US Open 2014: Matthias Bachinger takes heart from beating Andy Murray once – when he was 14
World No 235 played 'my best match ever' to beat Radek Stepanek and reach the main draw in New York
If insufficient preparation was one of the reasons why Andy Murray suffered body cramps during his first-round victory here at the US Open he might like to compare experiences with his next opponent. Matthias Bachinger was in Europe the day before his opening match and had not played on a hard court all summer.
Bachinger, the world No 235, was not ranked high enough to earn a place even in last week’s qualifying tournament – he was in 23rd place on the original list of alternates – but as players withdrew he rose up the pecking order.
On Monday last week the 27-year-old German became the last player to make the qualifying field. On Tuesday he flew to New York and on Wednesday he played in the first round of qualifying. Three wins in three days took him into the main draw and on Monday he played “my best match ever” to beat Radek Stepanek, the world No 39, for his first Grand Slam victory.
“My preparation was not very good, but from the beginning I had a very good feeling,” Bachinger said. “I served unbelievably against Stepanek. He did not have any break points. I played really well. I served good, returned really well. It was maybe the best tennis day of my life.”
Bachinger, who describes himself as an attacking baseliner, reached a career-high No 85 in the world rankings three years ago. After health issues he now plays mostly on the Challenger circuit, which this year has taken him to Guadeloupe, Kyoto, Guangzhou, New Delhi and Guadalajara.
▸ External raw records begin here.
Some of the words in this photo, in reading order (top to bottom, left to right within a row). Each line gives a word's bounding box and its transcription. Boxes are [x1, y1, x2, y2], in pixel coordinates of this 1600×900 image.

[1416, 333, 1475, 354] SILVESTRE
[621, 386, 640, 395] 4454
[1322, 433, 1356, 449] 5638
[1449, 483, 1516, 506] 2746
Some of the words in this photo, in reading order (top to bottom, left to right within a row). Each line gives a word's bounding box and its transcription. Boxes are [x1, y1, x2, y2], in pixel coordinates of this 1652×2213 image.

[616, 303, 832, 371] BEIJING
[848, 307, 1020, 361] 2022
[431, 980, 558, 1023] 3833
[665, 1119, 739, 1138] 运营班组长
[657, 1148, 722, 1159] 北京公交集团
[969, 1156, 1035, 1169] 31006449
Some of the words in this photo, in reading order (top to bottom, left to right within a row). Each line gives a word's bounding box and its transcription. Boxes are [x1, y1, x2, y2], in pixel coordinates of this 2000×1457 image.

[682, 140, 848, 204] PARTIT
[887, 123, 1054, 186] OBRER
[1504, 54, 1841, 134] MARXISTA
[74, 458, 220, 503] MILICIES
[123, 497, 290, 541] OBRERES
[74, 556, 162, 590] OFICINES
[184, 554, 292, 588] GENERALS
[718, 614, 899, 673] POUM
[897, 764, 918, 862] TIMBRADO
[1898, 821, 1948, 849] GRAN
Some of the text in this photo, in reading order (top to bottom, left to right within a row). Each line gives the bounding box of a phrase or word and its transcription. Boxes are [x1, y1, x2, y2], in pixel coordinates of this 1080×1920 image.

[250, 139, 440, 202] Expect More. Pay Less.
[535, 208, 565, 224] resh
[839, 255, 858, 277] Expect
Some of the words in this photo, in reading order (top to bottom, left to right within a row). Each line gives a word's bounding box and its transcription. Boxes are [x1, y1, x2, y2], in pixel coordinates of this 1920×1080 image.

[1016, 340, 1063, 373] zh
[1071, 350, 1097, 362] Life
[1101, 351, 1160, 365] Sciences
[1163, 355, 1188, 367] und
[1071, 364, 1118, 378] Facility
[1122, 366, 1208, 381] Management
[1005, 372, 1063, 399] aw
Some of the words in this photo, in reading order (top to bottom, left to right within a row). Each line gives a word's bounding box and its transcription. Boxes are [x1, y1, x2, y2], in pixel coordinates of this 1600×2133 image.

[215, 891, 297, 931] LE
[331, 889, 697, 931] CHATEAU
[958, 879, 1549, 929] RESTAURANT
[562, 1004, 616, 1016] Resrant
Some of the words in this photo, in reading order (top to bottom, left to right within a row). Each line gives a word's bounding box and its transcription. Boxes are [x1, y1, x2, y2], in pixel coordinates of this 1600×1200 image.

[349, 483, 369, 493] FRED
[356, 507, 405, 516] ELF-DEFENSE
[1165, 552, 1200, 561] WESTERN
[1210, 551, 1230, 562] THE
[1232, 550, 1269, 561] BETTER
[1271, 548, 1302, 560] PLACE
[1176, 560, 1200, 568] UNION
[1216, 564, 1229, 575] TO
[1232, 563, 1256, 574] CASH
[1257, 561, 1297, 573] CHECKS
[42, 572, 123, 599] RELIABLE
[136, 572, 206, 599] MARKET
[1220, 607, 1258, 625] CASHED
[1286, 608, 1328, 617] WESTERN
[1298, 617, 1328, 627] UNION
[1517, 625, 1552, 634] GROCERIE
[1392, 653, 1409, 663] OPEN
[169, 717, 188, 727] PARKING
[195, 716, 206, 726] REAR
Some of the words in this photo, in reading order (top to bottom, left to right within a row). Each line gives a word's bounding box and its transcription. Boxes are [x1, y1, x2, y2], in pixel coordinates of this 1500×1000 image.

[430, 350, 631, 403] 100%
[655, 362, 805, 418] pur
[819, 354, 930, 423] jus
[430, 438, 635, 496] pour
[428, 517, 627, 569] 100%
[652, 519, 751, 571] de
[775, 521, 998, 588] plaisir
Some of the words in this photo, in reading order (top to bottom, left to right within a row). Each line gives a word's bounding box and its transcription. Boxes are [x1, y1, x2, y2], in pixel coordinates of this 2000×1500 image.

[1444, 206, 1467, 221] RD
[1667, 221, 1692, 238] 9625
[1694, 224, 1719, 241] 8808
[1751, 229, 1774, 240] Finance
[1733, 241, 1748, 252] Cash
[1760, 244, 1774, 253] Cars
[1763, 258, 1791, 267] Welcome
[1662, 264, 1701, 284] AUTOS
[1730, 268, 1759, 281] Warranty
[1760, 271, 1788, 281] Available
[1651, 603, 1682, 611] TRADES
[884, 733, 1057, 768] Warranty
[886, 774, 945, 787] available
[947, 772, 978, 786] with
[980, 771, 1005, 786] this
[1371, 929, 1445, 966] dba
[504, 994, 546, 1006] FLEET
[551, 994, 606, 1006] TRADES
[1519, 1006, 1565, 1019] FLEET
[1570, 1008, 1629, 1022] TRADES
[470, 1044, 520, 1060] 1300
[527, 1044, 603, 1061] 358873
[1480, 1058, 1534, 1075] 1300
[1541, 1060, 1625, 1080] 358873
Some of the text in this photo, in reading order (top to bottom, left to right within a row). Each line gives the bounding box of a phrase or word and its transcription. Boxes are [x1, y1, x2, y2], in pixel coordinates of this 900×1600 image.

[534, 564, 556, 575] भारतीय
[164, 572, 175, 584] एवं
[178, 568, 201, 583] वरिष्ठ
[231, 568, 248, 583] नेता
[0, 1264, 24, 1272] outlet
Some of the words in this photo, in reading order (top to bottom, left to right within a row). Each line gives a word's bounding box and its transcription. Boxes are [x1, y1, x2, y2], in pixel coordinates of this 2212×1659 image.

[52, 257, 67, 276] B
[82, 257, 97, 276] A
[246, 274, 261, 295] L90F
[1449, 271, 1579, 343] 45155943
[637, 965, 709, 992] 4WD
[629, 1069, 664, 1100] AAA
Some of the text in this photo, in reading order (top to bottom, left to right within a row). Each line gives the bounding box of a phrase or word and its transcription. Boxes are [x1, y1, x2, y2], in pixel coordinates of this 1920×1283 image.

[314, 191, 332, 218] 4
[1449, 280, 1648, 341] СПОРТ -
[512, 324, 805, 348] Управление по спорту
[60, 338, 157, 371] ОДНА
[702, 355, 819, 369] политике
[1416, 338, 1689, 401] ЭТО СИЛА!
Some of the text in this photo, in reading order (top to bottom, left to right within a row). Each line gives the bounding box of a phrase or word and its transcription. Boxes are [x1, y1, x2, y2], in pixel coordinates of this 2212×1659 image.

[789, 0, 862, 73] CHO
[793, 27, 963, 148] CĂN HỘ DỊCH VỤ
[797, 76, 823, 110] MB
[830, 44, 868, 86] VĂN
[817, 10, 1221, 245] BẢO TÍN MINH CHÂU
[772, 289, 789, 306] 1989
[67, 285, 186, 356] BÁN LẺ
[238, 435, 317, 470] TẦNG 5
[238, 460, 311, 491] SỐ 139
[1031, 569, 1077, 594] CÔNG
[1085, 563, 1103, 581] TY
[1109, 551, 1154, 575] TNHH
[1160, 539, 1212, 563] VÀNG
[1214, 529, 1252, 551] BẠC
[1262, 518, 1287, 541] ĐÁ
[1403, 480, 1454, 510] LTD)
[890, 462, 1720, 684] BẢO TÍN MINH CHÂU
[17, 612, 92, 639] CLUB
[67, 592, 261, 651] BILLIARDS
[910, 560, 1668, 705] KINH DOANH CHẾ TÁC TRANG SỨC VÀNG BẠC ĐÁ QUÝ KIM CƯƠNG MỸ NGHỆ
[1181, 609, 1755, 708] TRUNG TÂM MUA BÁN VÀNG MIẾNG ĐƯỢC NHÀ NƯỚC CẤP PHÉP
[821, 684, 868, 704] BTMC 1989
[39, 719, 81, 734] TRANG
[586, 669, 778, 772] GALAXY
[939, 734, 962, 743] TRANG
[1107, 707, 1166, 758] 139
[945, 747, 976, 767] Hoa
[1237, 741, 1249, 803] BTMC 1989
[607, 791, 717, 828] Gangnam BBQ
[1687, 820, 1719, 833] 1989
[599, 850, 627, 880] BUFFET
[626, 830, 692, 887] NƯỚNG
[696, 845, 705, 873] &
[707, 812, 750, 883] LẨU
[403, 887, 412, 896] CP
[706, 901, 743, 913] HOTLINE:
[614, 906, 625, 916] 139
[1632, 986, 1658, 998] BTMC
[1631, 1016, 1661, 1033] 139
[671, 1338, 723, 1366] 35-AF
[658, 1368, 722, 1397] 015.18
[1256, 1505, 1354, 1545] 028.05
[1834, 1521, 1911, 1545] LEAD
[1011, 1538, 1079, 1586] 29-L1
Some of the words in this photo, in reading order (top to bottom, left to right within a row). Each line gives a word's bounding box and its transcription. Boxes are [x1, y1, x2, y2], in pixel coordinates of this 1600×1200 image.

Bachinger has never played Murray at senior level but recalled playing the Scot regularly when they were 14. “I won one time, 7-6 in the third set,” Bachinger said. “I’ve never forgotten that because in juniors he was really, really good. Then I think I lost to him three times. He always wanted to win, 100 per cent. He was fighting for every ball, just like he does now. You could see he would be a top star.”
Bachinger watched the latter stages of Murray’s first-round victory over Robin Haase, which was played in the middle of the day in temperatures that topped 30C. “He had some problems, but at the end he won, like he usually does,” Bachinger said. “I was very surprised he was cramping because he is normally really fit. I’ve never seen him cramping before, but he’s human, not a machine.”
The temperature is predicted to rise to 32C on Wednesday but will fall to 27C on Thursday, when Bachinger will play Murray. The Scot said that he was still unable to explain why he had cramped the previous day.
“I felt physically ready before the match,” he said. “Last night before I went to bed I felt fine. I woke up today with no aches or pains. It would suggest it was something I hadn’t eaten or drunk before I went out there.”
He added: “I don’t play my next match until Thursday. I need to hydrate before then and get a lot of food in the body.” Murray also revealed that his physical problems had continued when he left the court on Monday. “I didn’t feel great in the locker room for half an hour, 40 minutes afterwards,” he said. “Getting your shoes, ankle braces and socks off is not that easy when you are cramping. I had some pasta, some sports drink, banana, and an ice bath.”